> **EXERCISE**
Please give again every entry exactly as it appears, setting aside the pictures.

> **EXERCISE MATERIAL**
--

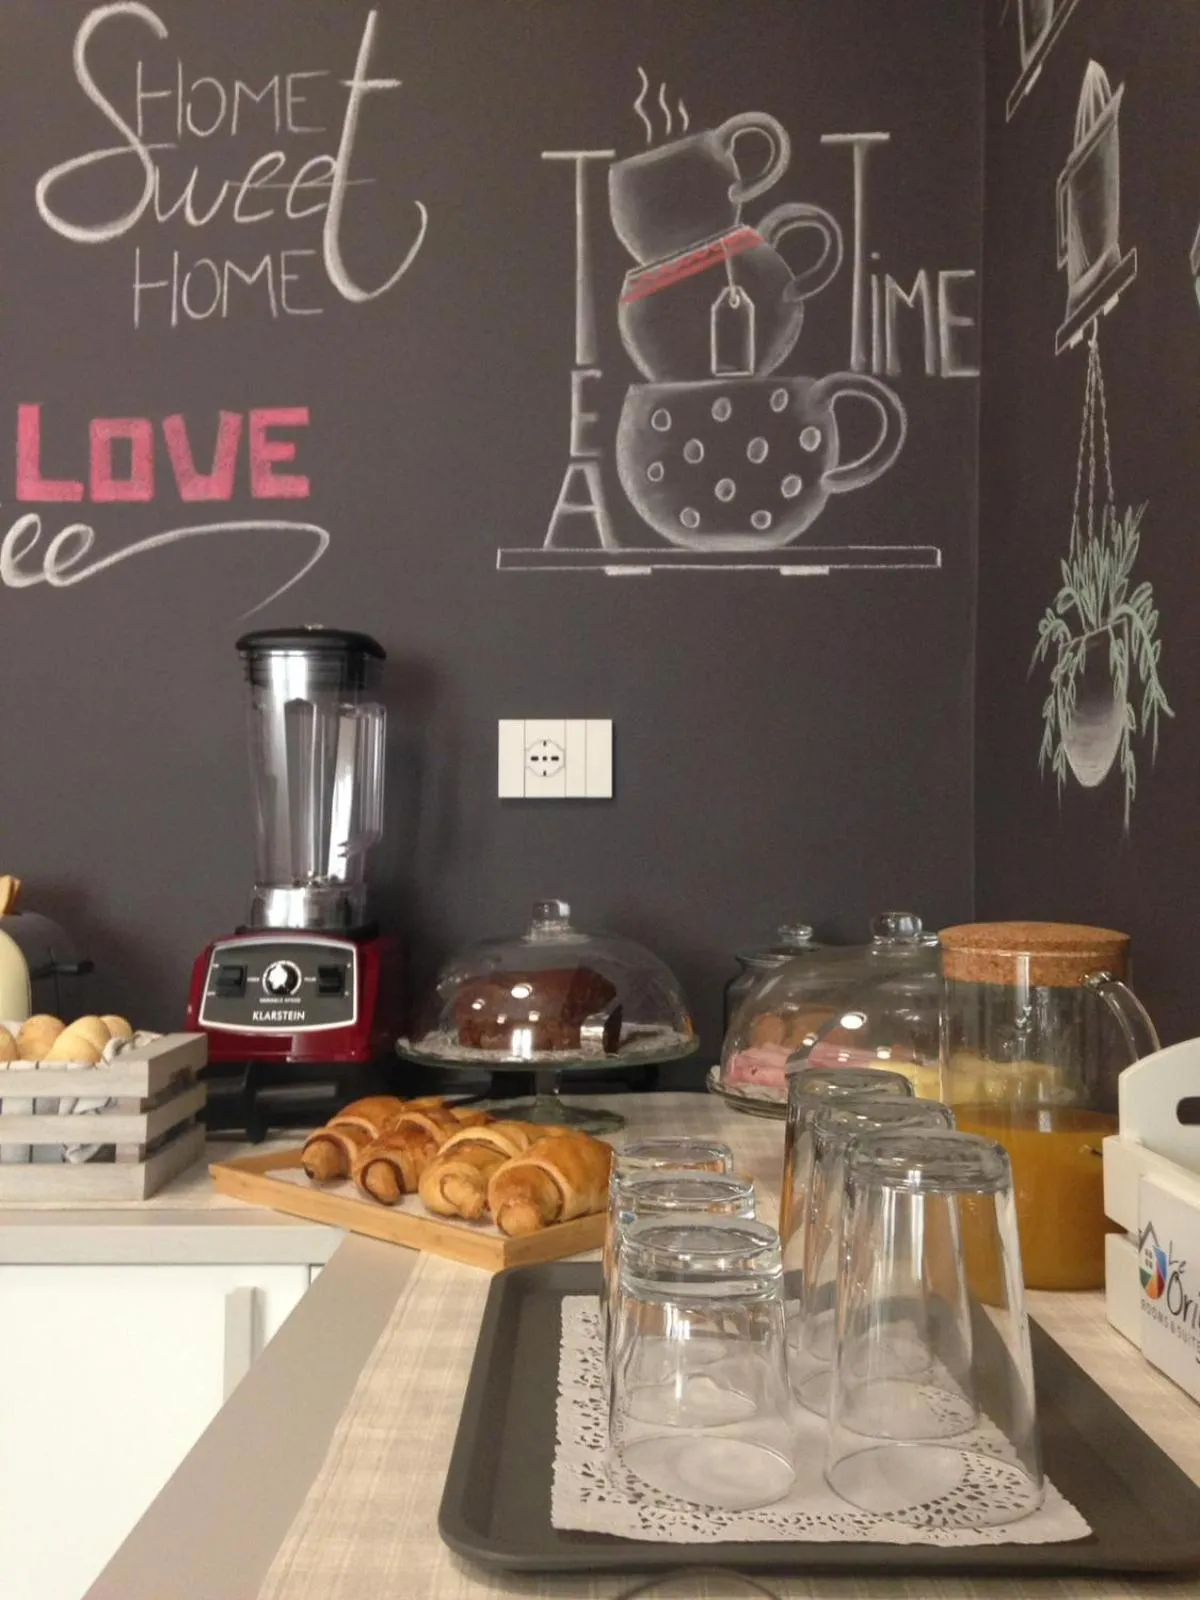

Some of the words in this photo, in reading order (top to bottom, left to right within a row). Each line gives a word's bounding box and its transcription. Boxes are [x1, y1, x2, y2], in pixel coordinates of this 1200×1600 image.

[136, 58, 331, 139] HOME
[36, 1, 428, 302] Sweet
[133, 246, 324, 330] HOME
[541, 149, 620, 551] TEA
[16, 403, 310, 503] LOVE
[252, 1010, 305, 1021] KLARSTEIN
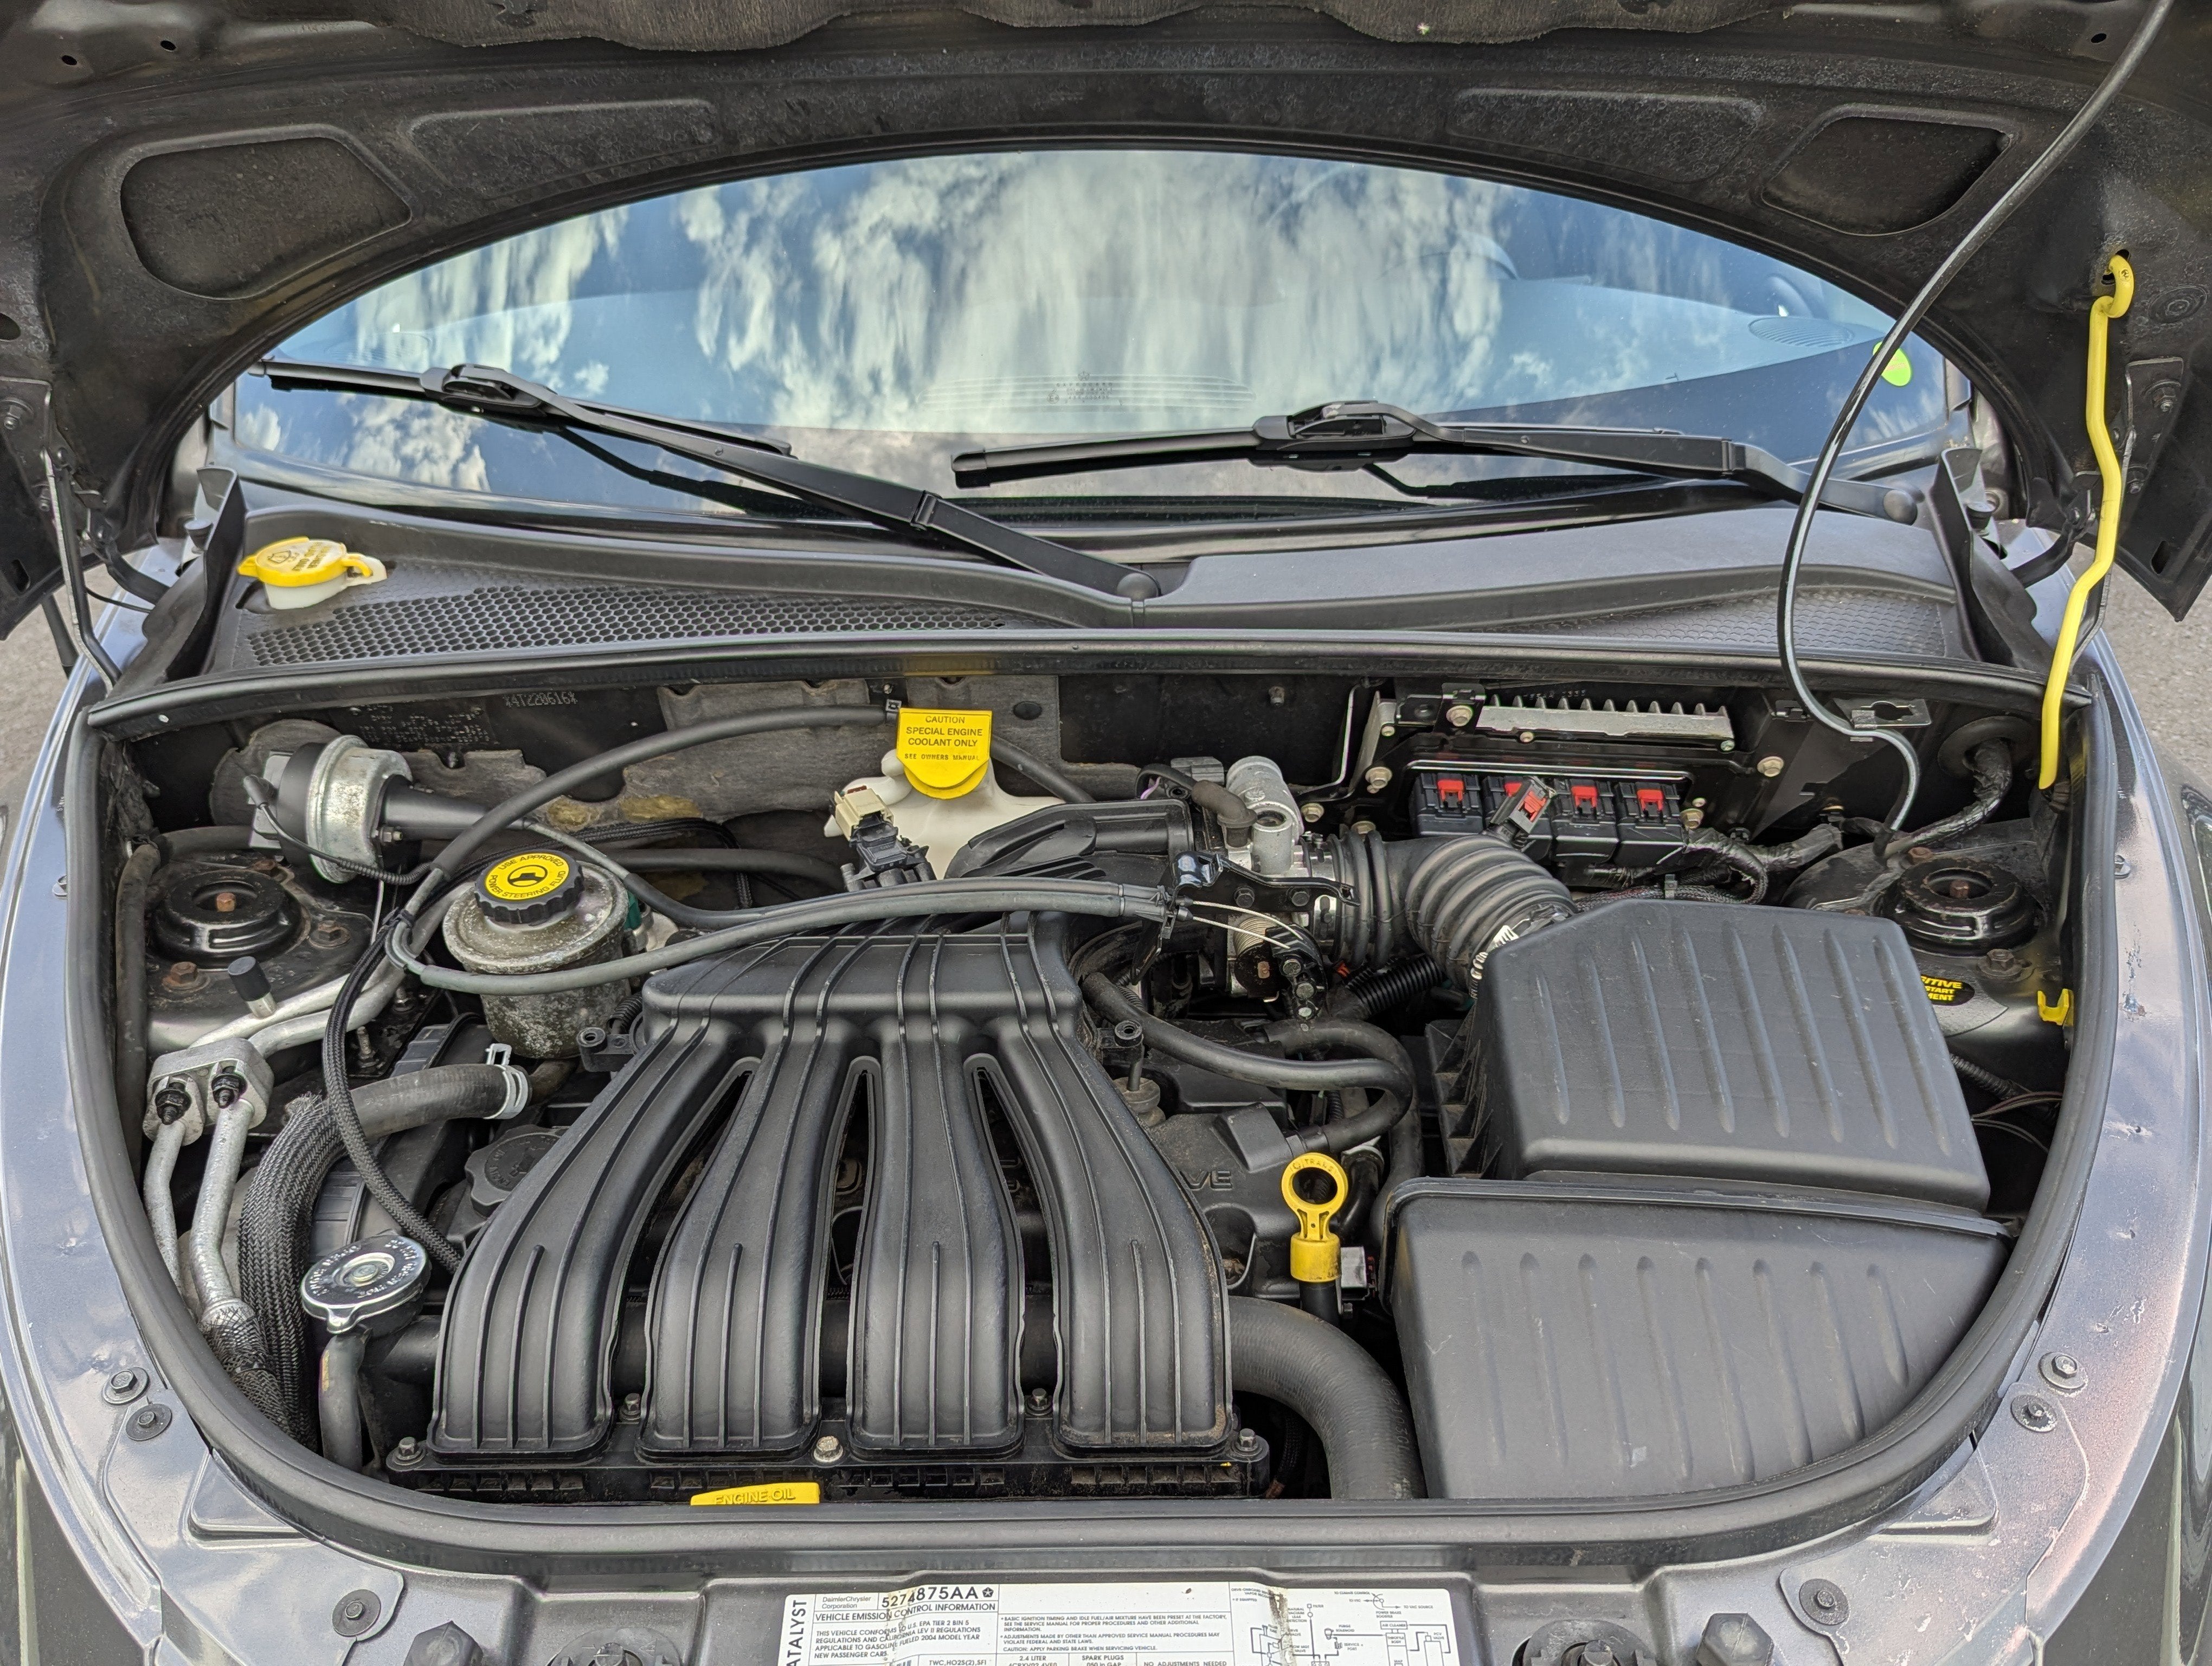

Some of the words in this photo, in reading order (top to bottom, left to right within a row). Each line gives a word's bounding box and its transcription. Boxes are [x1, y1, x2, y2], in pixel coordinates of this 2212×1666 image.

[925, 716, 965, 724] CAUTION
[906, 727, 944, 735] SPECIAL
[947, 728, 982, 736] ENGINE
[908, 738, 952, 746] COOLANT
[954, 739, 978, 747] ONLY
[498, 859, 517, 870] USE
[520, 855, 564, 867] APPROVED
[488, 874, 503, 895] POWER
[502, 886, 550, 898] STEERING
[550, 870, 567, 887] FLUID
[715, 1490, 769, 1505] ENGINE
[771, 1488, 796, 1501] OIL
[882, 1586, 979, 1607] 5274875AA
[815, 1613, 850, 1621] VEHICLE
[852, 1611, 892, 1620] EMISSION
[894, 1604, 933, 1618] CONTROL
[935, 1603, 995, 1611] INFORMATION
[865, 1642, 898, 1650] GASOLINE
[899, 1636, 919, 1646] FUELED
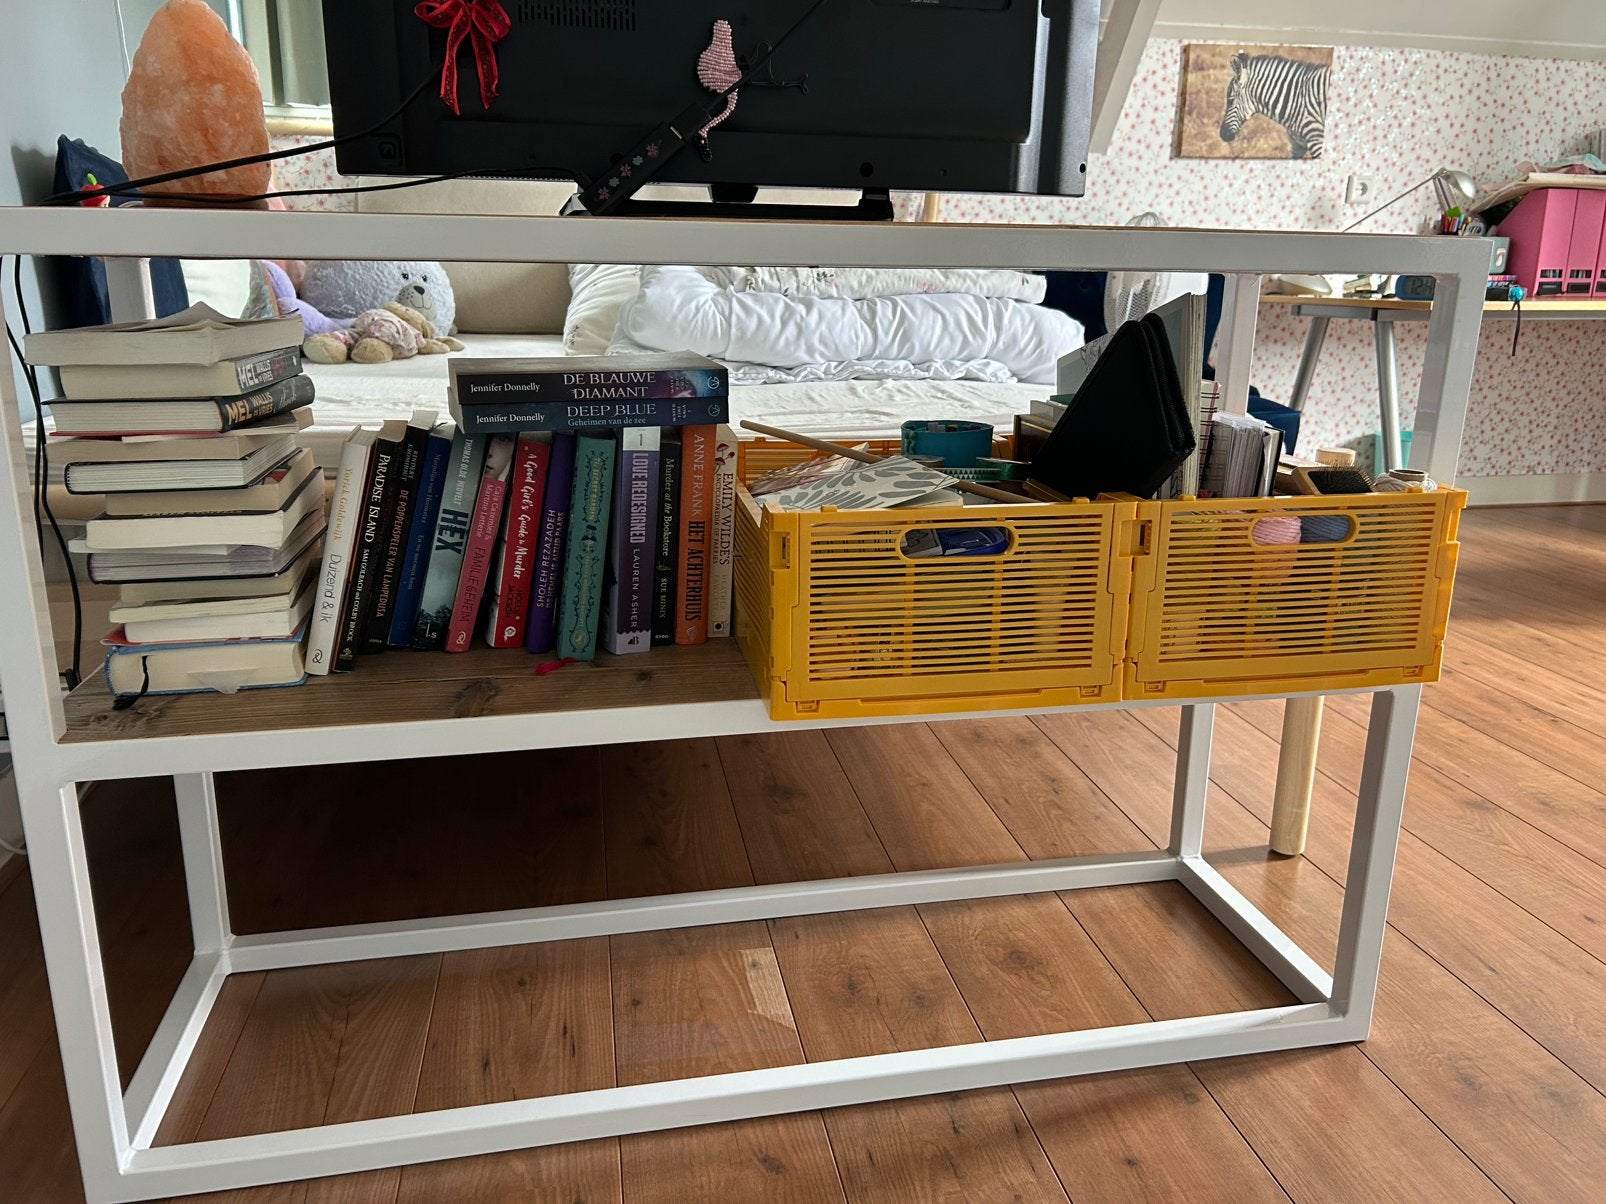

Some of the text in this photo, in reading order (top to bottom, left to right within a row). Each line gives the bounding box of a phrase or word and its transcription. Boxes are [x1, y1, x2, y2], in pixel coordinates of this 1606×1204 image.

--

> **SOLVED PROBLEM**
Some of the words in this photo, in reading order (top to bottom, left to right within a row). Each line gives a word's bounding box and its transcription. Boxes are [x1, y1, x2, y2], in pixel coordinates of this 1200×1600 image.

[136, 58, 331, 139] HOME
[36, 1, 428, 302] Sweet
[133, 246, 324, 330] HOME
[541, 149, 620, 551] TEA
[16, 403, 310, 503] LOVE
[252, 1010, 305, 1021] KLARSTEIN

Some of the words in this photo, in reading order (top to bottom, left to right within a row). Each line gives a word's bounding box and its transcription. Boxes are [x1, y1, x2, y2], in pixel coordinates of this 2212×1666 image.

[925, 716, 965, 724] CAUTION
[906, 727, 944, 735] SPECIAL
[947, 728, 982, 736] ENGINE
[908, 738, 952, 746] COOLANT
[954, 739, 978, 747] ONLY
[498, 859, 517, 870] USE
[520, 855, 564, 867] APPROVED
[488, 874, 503, 895] POWER
[502, 886, 550, 898] STEERING
[550, 870, 567, 887] FLUID
[715, 1490, 769, 1505] ENGINE
[771, 1488, 796, 1501] OIL
[882, 1586, 979, 1607] 5274875AA
[815, 1613, 850, 1621] VEHICLE
[852, 1611, 892, 1620] EMISSION
[894, 1604, 933, 1618] CONTROL
[935, 1603, 995, 1611] INFORMATION
[865, 1642, 898, 1650] GASOLINE
[899, 1636, 919, 1646] FUELED

Some of the text in this photo, in reading order (top to bottom, left to right within a row). Each line gives the bounding box of a phrase or word and its transcription. Boxes are [x1, y1, x2, y2], in pixel coordinates of this 1606×1204 image.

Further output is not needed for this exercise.